An exact transcription of all the data is required, with every image removed.
=== Given records ===
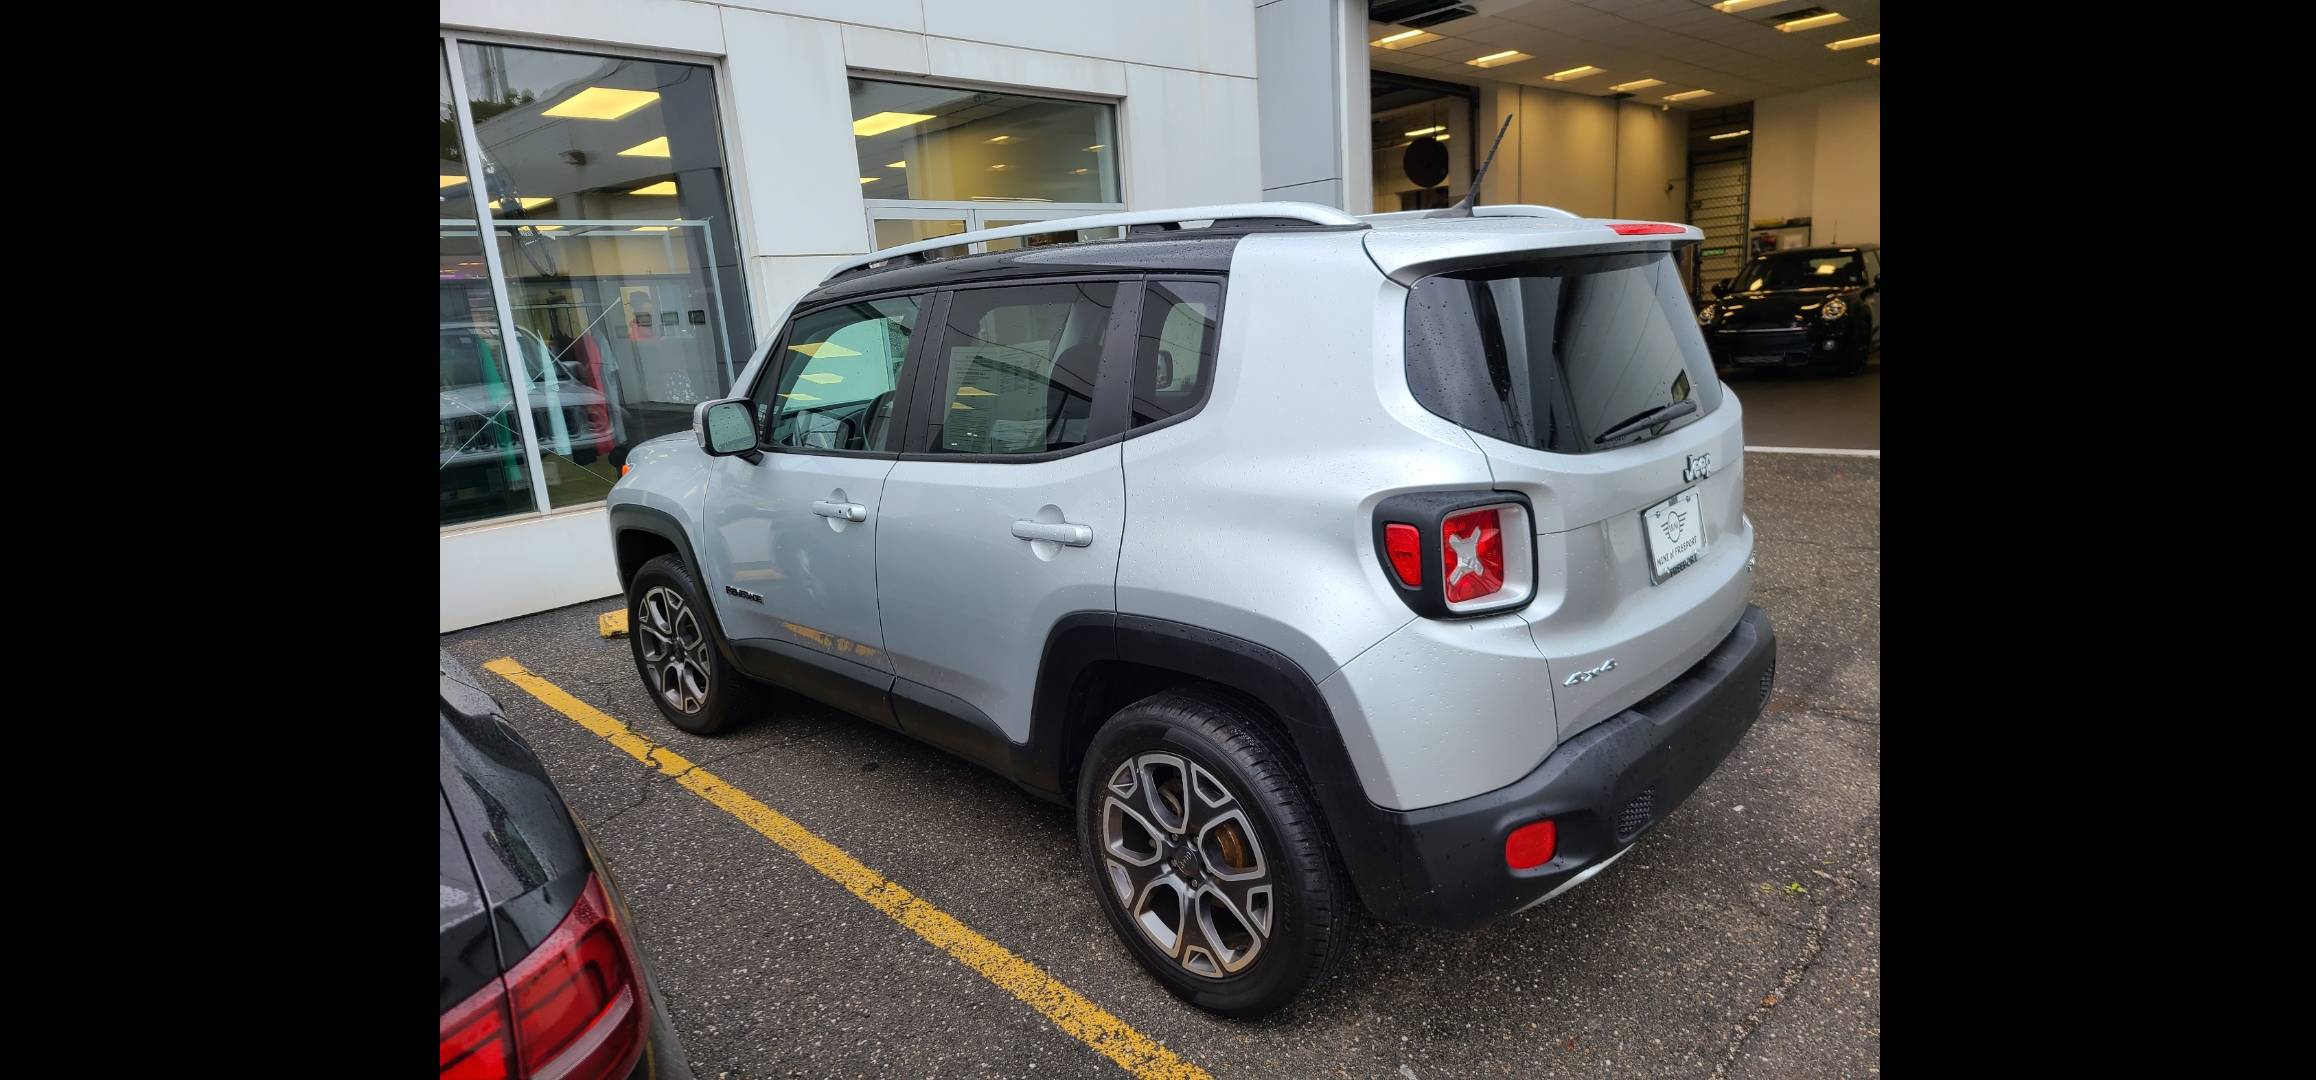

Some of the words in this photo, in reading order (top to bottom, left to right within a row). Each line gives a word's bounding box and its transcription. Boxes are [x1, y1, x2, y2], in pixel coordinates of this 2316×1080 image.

[1683, 453, 1711, 483] Jeep
[1674, 535, 1697, 556] FREEPORT
[1563, 657, 1618, 687] 4x4
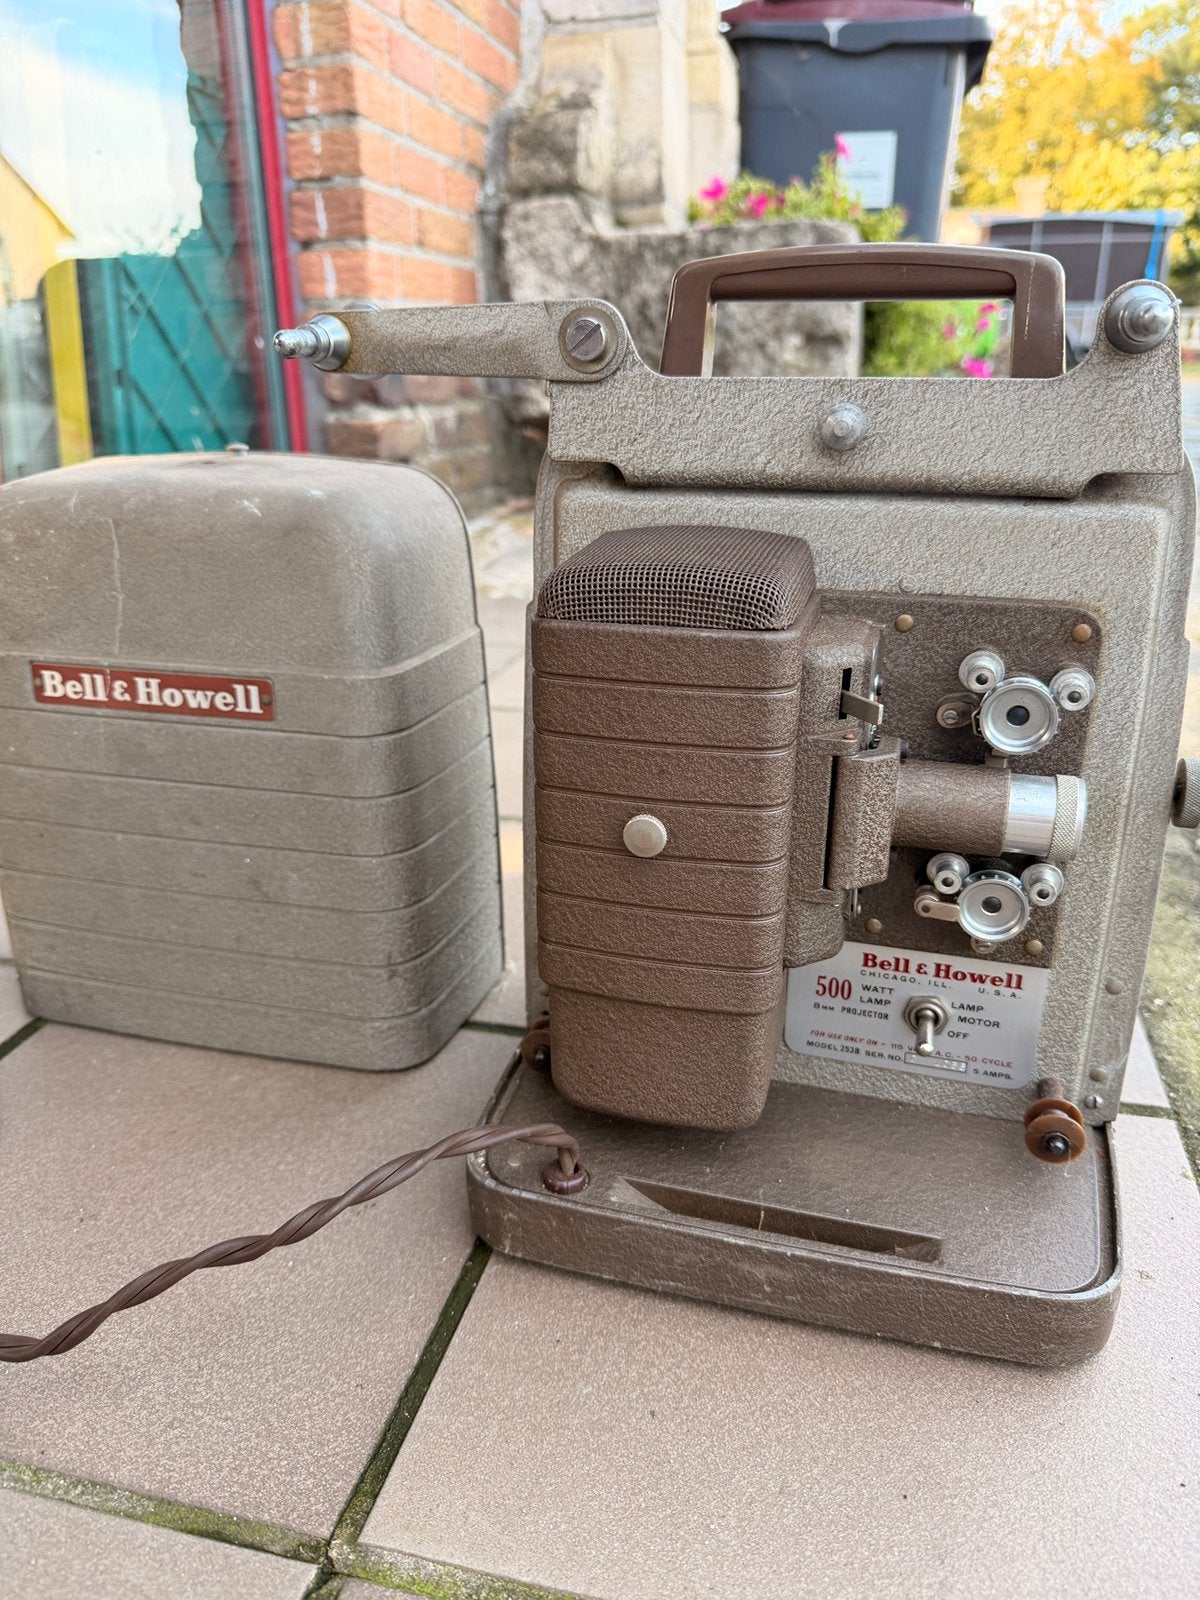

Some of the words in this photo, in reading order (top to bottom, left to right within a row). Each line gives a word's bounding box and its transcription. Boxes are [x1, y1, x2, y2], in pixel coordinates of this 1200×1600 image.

[39, 669, 108, 701] Bell
[112, 680, 131, 701] &
[134, 677, 263, 713] Howell
[862, 953, 910, 974] Bell
[916, 963, 928, 974] &
[934, 963, 1023, 989] Howell
[816, 975, 852, 1000] 500
[861, 984, 895, 994] WATT
[928, 980, 952, 989] ILL.
[860, 996, 891, 1006] LAMP
[951, 1002, 984, 1012] LAMP
[841, 1006, 888, 1020] PROJECTOR
[958, 1016, 1000, 1028] MOTOR
[947, 1031, 969, 1039] OFF
[806, 1040, 839, 1050] MODEL
[865, 1050, 886, 1058] SER.
[983, 1070, 1013, 1080] AMPS.
[981, 1058, 1012, 1067] CYCLE
===
Reply –
Some of the words in this photo, in reading order (top to bottom, left to right within a row). Each line gives a word's bounding box and its transcription. Boxes are [x1, y1, x2, y2], in pixel coordinates of this 2316×1080 image.

[1683, 453, 1711, 483] Jeep
[1674, 535, 1697, 556] FREEPORT
[1563, 657, 1618, 687] 4x4

Some of the words in this photo, in reading order (top to bottom, left to right within a row). Each line gives a word's bounding box and its transcription. Boxes are [x1, y1, x2, y2], in pixel coordinates of this 1200×1600 image.

[39, 669, 108, 701] Bell
[112, 680, 131, 701] &
[134, 677, 263, 713] Howell
[862, 953, 910, 974] Bell
[916, 963, 928, 974] &
[934, 963, 1023, 989] Howell
[816, 975, 852, 1000] 500
[861, 984, 895, 994] WATT
[928, 980, 952, 989] ILL.
[860, 996, 891, 1006] LAMP
[951, 1002, 984, 1012] LAMP
[841, 1006, 888, 1020] PROJECTOR
[958, 1016, 1000, 1028] MOTOR
[947, 1031, 969, 1039] OFF
[806, 1040, 839, 1050] MODEL
[865, 1050, 886, 1058] SER.
[983, 1070, 1013, 1080] AMPS.
[981, 1058, 1012, 1067] CYCLE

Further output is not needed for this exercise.